The Judiciary of Ghana comprises the Superior Courts of Judicature, established under the 1992 Constitution, and the Inferior Courts, established by Parliament. The hierarchy of courts derives largely from British juridical forms. The courts have jurisdiction over all civil and criminal matters.

== Formal Structure of Ghanaian Judiciary ==
The Ghanaian Judiciary is divided into two sections: the Superior Courts of Judicature, and lower level courts or tribunals. The Superior Courts of Judicature are outlined in the Ghanaian Constitution to be the Supreme Court, the Court of Appeal, and the High Court and Regional Tribunals. There is no formal constitutional structure for the lower level courts and tribunals, as these are established on a case-by-case basis by Parliament. The power of nominations of Justices throughout the Superior Courts of Judicature lies within the hands of the Chief Justice of the Supreme Court along with the power of approval by the President.

=== The Supreme Court ===
The Supreme Court is composed of the Chief Justice and at least nine other Justices, but is able to hear cases with at least five Justices sitting at one time. In order for someone to be nominated to the Supreme Court, they must have practiced law for at least 15 years prior to their nomination. In terms of the functions of the court, the Supreme Court is the final court of appeals in all of Ghana and all lower level courts must abide by the decisions by which the Supreme Court comes to. Though past decisions should be taken into account in decision making, the Supreme Court has the right to depart from any past decision in manners it sees fit and thus can change judicial precedent throughout the country. All matters pertaining to the interpretation of the Constitution or evaluating an excess use of power by Parliament or any other authority figure in Ghana falls exclusively within the realm of jurisdiction of the Supreme Court. Any matters pertaining to the supervision of any lower level courts throughout Ghana will fall solely to the Supreme Court as they have supreme supervisory jurisdiction.

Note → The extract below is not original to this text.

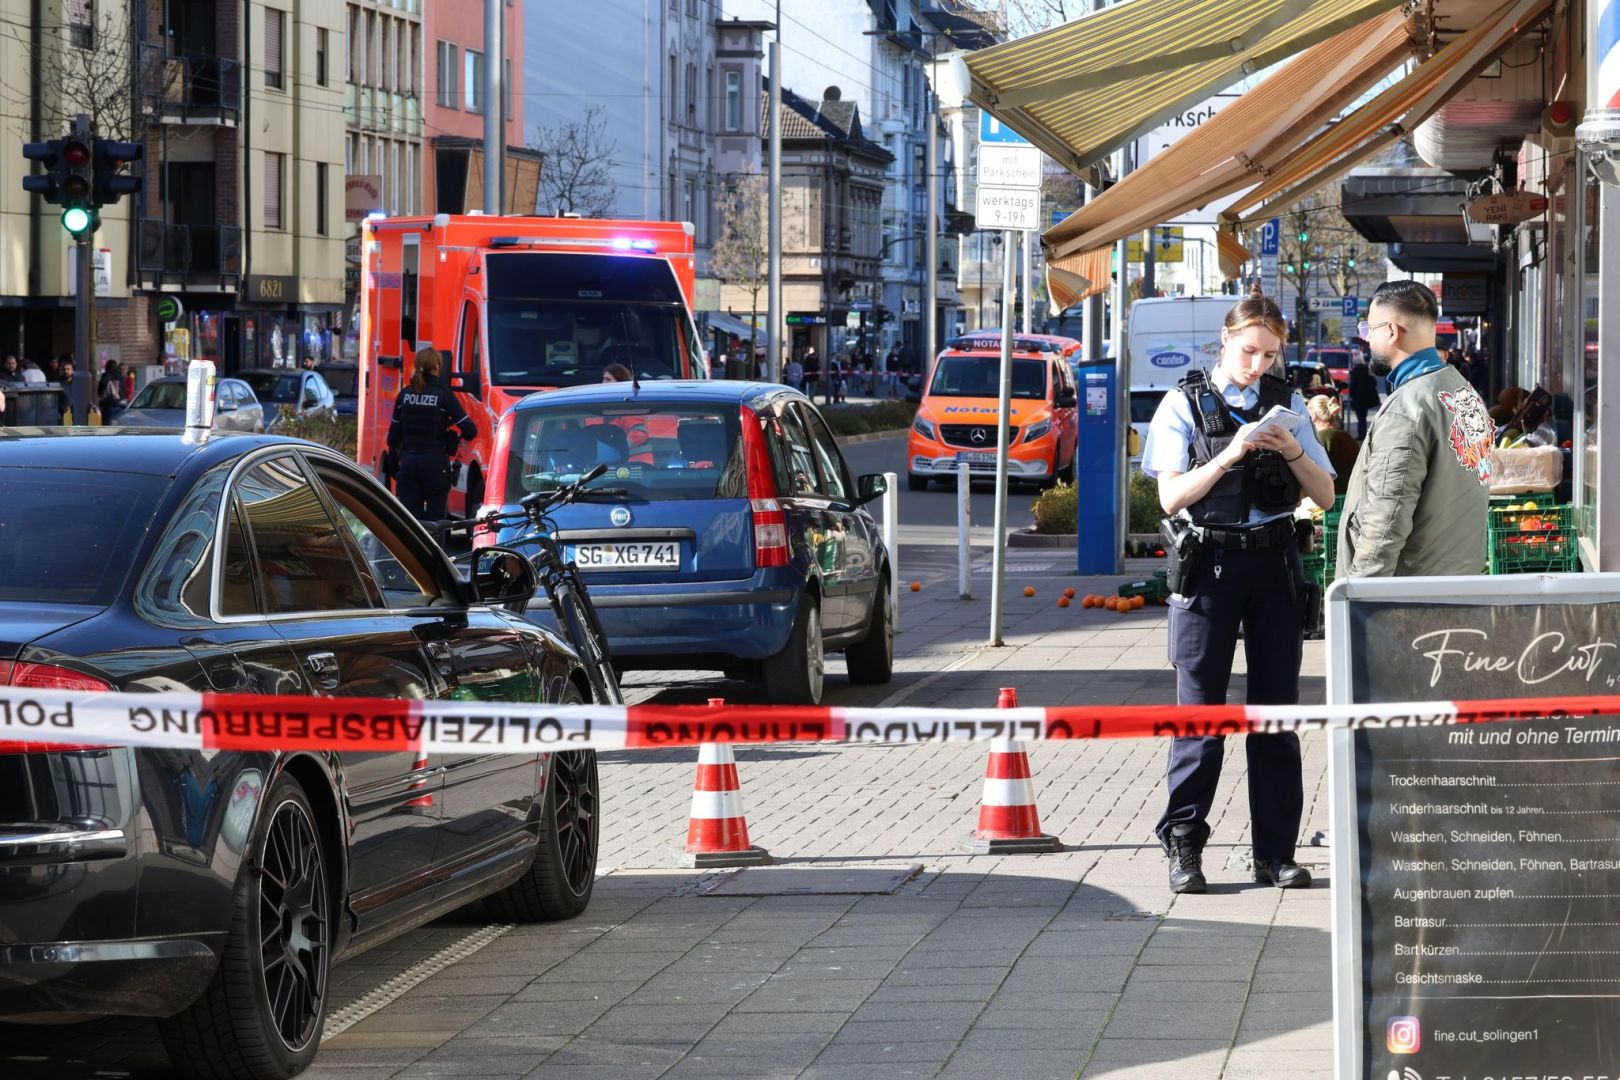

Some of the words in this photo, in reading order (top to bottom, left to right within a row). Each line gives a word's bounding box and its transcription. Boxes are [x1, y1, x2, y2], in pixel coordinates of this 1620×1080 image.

=== The Court of Appeal ===
The Court of Appeal is composed of the Chief Justice, and no fewer than ten Justices of the Superior Courts, all of which need to practice at least 12 years of law before they are considered for appointment. As of now, there are 31 Justices on the Court of Appeal. Unlike the Supreme Court, the Court of Appeal is bound by any previous decision it makes and thus is controlled to certain degree by the precedent that past justices have set. The Court of Appeal is able to hear appeals from lower level Superior Courts and Regional Tribunals on decisions that have been made previously in said courts.

=== The High Court ===
The High Court is made up of the Chief Justice, no less than 20 justices of the High Court, and any other Justice of the Superior Courts who, with consent from the Chief Justice, may sit in on the High Court's proceedings. Justices must have completed at least 10 years of legal practice before they can be considered for the job and there is currently 108 members of the High Court. The court hears appeals from the criminal judgement of the Circuit Courts, and all appeals from the District, Juvenile, and Family Tribunals. Due to the vast array of subjects the High Court hears, it is divided into various subject areas including: Commercial, Land, General Jurisdiction, Divorce and Matrimonial, Probate and Letters of Administration, Labour, Criminal, Financial, and Human Rights.
Therefore High court (exclusive jurisdiction on enforcement of fundamental human rights and freedom.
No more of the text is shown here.